A luting agent is a dental cement connecting the underlying tooth structure to a fixed prosthesis. To lute means to glue two different structures together. There are two major purposes of luting agents in dentistry – to secure a cast restoration in fixed prosthodontics (e.g. for use of retaining of an inlay, crowns, or bridges), and to keep orthodontic bands and appliances in situ.

In a complex restoration procedure, the selection of an appropriate luting agent is crucial to its long-term success. In addition to preventing the fixed prosthesis from dislodging, it is also a seal, preventing bacteria from penetrating the tooth-restoration interface.

Zinc phosphate is the oldest material available and has been used in dentistry for more than a century. The introduction of adhesive resin systems made a wide range of dental materials available as luting agents. The choice of luting agent is dependent on clinical factors including dental occlusion, tooth preparation, adequate moisture control, core material, supporting tooth structure, tooth location, etc. Research has determined that no single luting agent is ideal for all applications.

== Classification ==
There are many dental luting agents available. Recently introduced agents such as resins and resin-modified glass-ionomer cement (RMGIC) are claimed to perform better clinically than some traditional ones due to their improved properties. Ultimately, the durability of restoration attached to the tooth surface using lutes depends on several factors, for instance strength of materials used, operator's skills, tooth type, and patient's behaviour.

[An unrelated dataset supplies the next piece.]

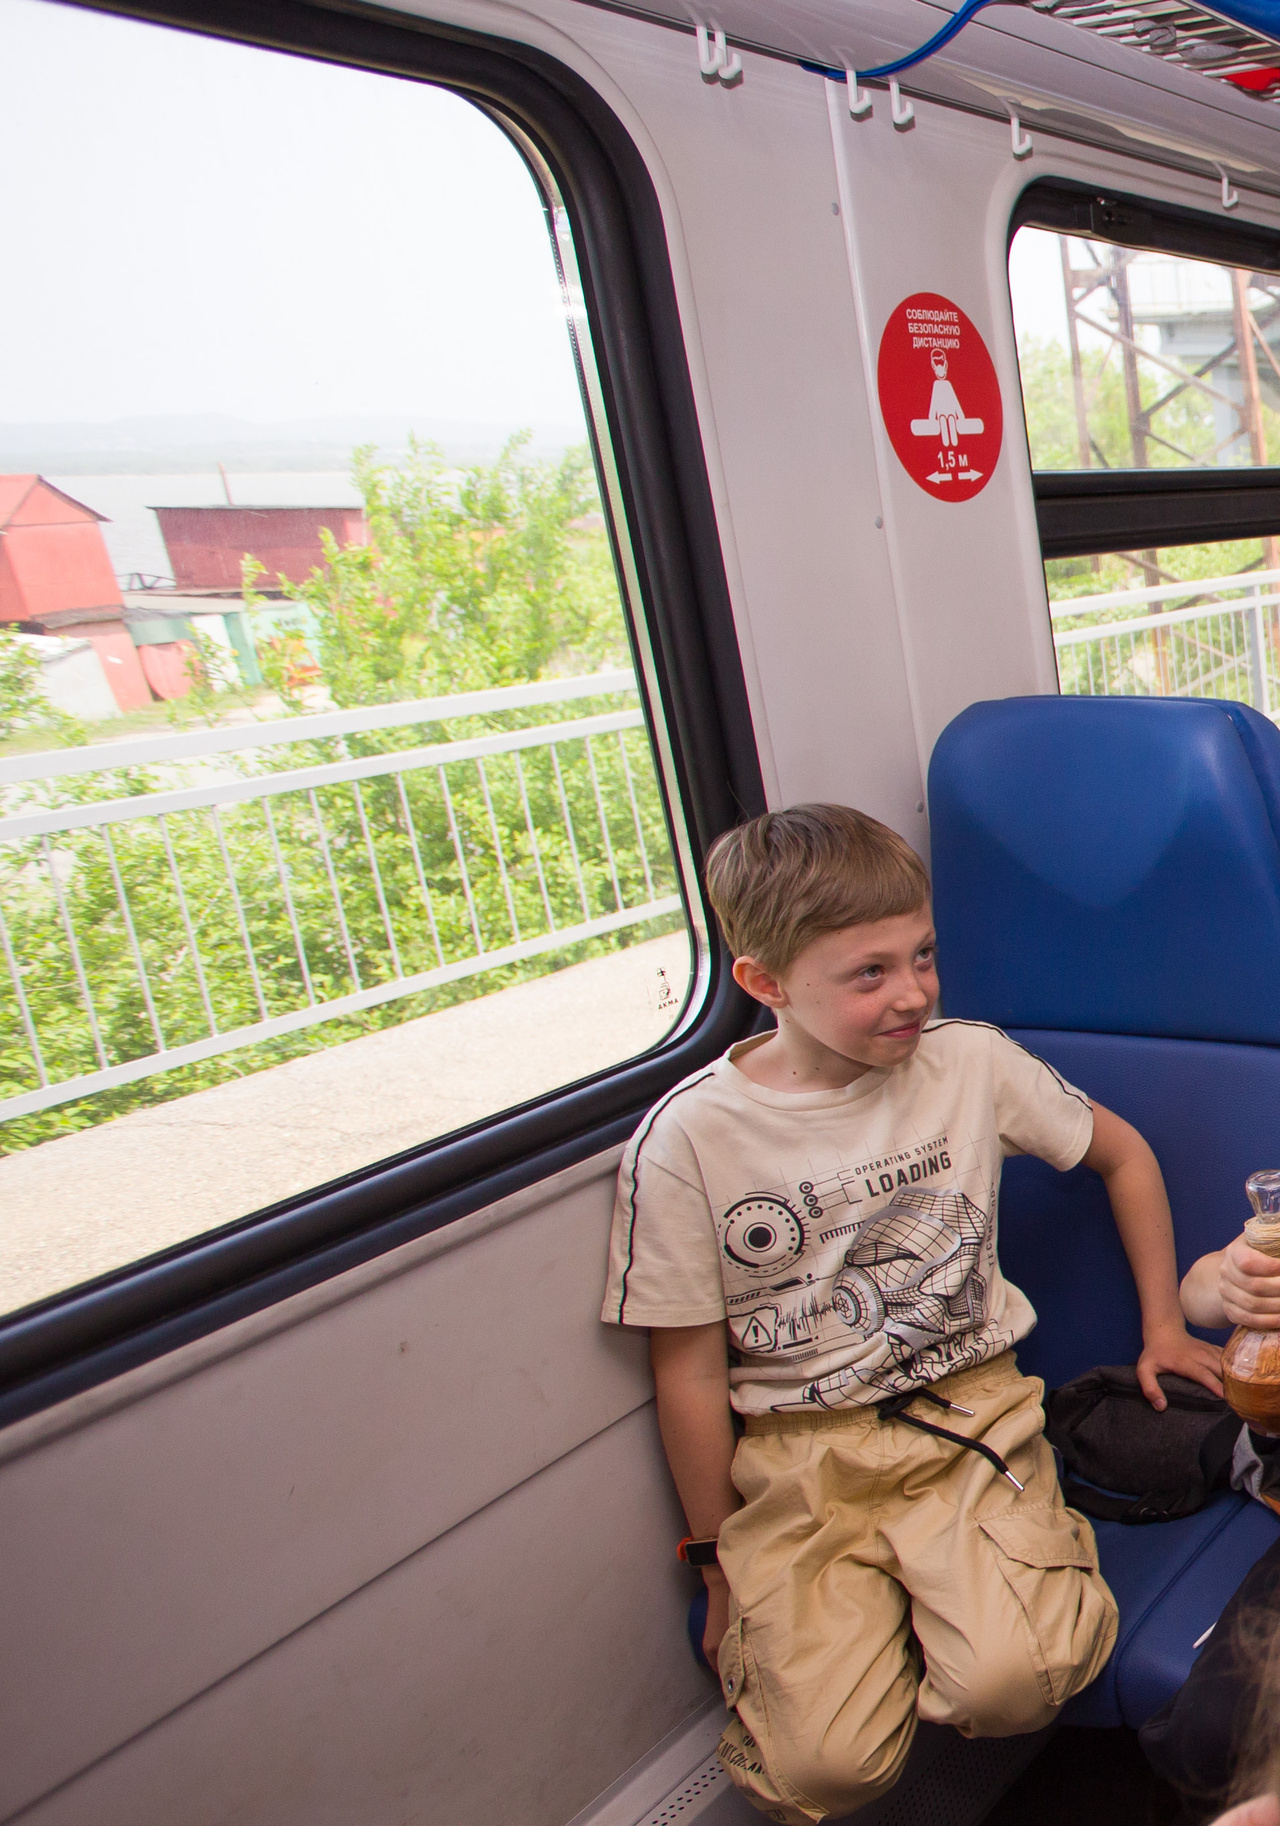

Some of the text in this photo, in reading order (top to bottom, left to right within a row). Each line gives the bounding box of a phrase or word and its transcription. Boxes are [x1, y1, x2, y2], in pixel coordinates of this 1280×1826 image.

Dental lutes can be classified in many ways, some of which are based on:

(i) user's knowledge and experience of use
- conventional: zinc phosphate, zinc polycarboxylate, and glass-ionomer (GI)
- contemporary: resin-modified glass-ionomer cement (RMGIC) and resin
(ii) type of setting mechanism
- acid-base reaction: zinc phosphate, zinc polycarboxylate, glass-ionomer
- polymerisation: resin-modified glass-ionomer cement (RMGIC) and resin
(iii) the expected duration of use of restoration
- definitive (long term): zinc phosphate, zinc polycarboxylate, glass-ionomer, resin-modified glass-ionomers (RMGIC) and resin
- provisional (short term): eugenol, non-eugenol, resin, or polycarboxylate-based

=== Definitive cements ===

==== Zinc phosphate ====

Zinc phosphate is the luting cement that has been about the longest and has become very firmly established. It is still routinely used by almost one-third of UK practitioners today. It is usually made up of a powder (zinc oxide and magnesium oxide) and a liquid (aqueous phosphoric acid). Mixing of zinc phosphate is done by using a spatula to gradually incorporate the powder into the liquid. By using a chilled glass slab, the working time will be increased.

Clinical studies have been carried out and results show that over a ten-year period, zinc phosphate cemented restorations had a lower risk of failure compared to other conventional cements such as glass ionomer or resin-modified glass ionomer. However, it has some well-known clinical disadvantages, including high clinical solubility, lack of adhesion, low setting pH and a low tensile strength.

==== Zinc polycarboxylate ====

Zinc polycarboxylate was the first cement to bind to tooth structure. It is generally made up of the same powder as zinc phosphate (zinc oxide and up to 10% magnesium oxide) but uses a different liquid – aqueous copolymer of polyacrylic acid (30–40%).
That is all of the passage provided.